KR101325253B1 - Porous metal foam body - Google Patents

Abstract

A metal foam obtainable by applying at least one layer of molten metal to an open-cell nonmetallic substrate and allowing the molten metal to penetrate into an open cell of the nonmetallic substrate to form a metal foam, wherein the metal component is the open-cell Metal foams that penetrate at least partially into a nonmetal substrate are disclosed. The open-cell metal foam is made in such a way that an open-cell nonmetallic substrate is made to provide molten metal to the substrate, and the molten metal penetrates into the open cell of the open-cell nonmetallic substrate. The metal foams can be used in various fields of art.

Description

Porous metal foam body

The present invention relates to porous metal foams, methods of making such metal foams, and uses thereof.
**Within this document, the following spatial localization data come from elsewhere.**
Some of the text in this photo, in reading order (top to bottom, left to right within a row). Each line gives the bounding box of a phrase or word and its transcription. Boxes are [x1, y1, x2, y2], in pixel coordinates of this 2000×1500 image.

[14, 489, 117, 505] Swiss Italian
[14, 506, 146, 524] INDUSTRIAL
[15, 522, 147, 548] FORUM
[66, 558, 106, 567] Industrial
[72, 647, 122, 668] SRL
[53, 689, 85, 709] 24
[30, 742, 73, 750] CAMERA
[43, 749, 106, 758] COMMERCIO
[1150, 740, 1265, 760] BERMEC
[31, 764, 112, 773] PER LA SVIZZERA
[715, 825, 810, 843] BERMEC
Metal foams and methods for their preparation are known. Accordingly, metal foams are prepared from powder or by melt metalurgy by stirring in a nucleating agent and gas.
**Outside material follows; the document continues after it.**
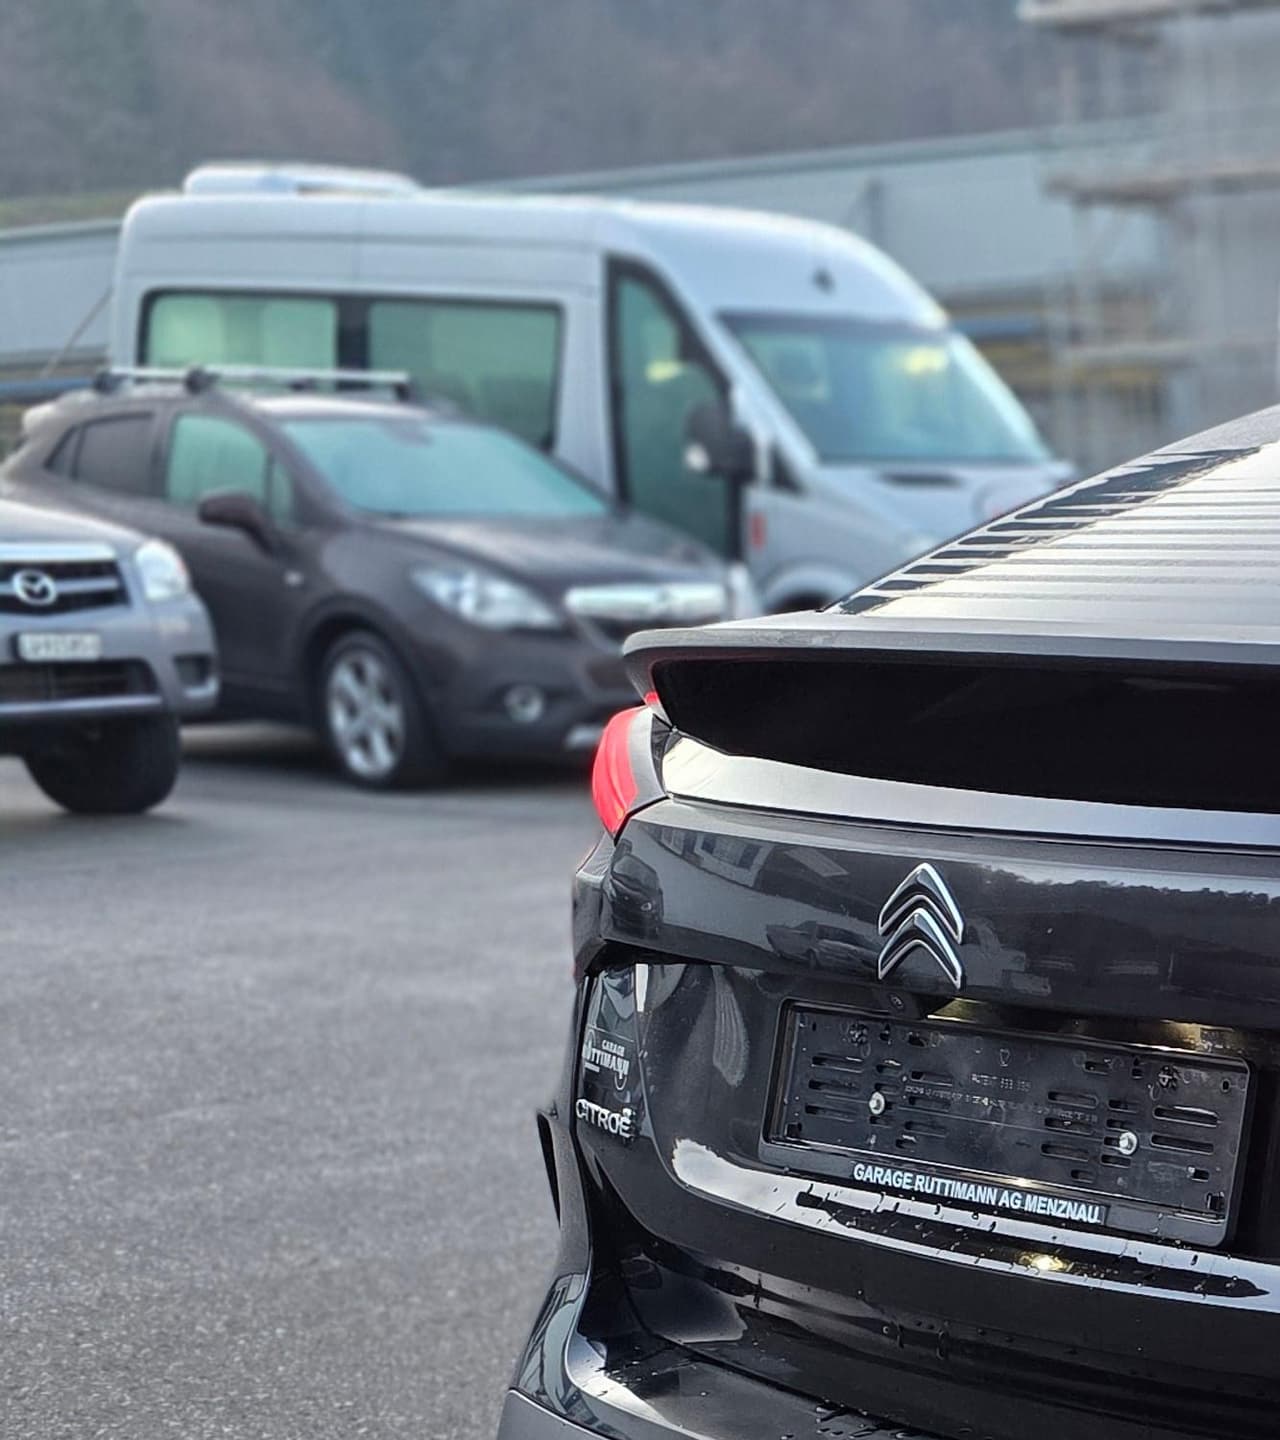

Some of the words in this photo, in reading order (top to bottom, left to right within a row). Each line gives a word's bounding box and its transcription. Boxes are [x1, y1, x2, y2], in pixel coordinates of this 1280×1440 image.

[854, 1163, 914, 1190] GARAGE
[998, 1190, 1023, 1210] AG
[1024, 1194, 1101, 1224] MENZNAU
DE 102 38 284 A1 discloses a multi-step process in which conductive particles are coated on a non-conductive substrate having a foam structure (eg PU foam) as the basis for subsequent coating by electrodeposition, followed by electrodeposition. . Any material having an open-pore foam structure can be used for the substrate. The substrate is used as a skeleton.

DE-A-100 13 378 discloses a porous ceramic filled with metal. Here, the entire porous cavity is filled with metal rather than merely providing a metal layer on the surface of the pores.

DE-A-35 22 287 discloses open-pore bodies for the filtration and / or catalytic treatment of gases or liquids and methods for their preparation, but these are metallized, such as DE 102 38 284. The pores of the nonmetallic substrate must be prepared for electrodeposition by conductive layers before they can be pointed out because the metal layer according to the above-mentioned publications is applied by electrodeposition.

FR-A-2 679 925 also discloses a method for producing a porous metal structure by triple metallization of the surface of a porous organic substrate.

Metal foams known from the prior art have closed pores so that not all surface areas of the metal foam are accessible or, in the case of open-porous metal foams, can only be manufactured at high cost and at least 2 Metal layers.

It is an object of the present invention to provide metal foams, in particular open-pore metal foams, which can be employed in a wide range of applications, and to provide a process for producing simple and inexpensive metal foams.

This object is achieved by a porous metal foam that can be obtained by applying molten metal to an open-pore nonmetallic substrate and allowing the molten metal to penetrate into the open pores of the nonmetallic substrate to form a metal foam, wherein the Molten metal is deposited on the surface of at least a partial population of the pores to obtain a metallized surface of the pores. In particular, the metal component at least partially penetrates the open-pore nonmetallic substrate.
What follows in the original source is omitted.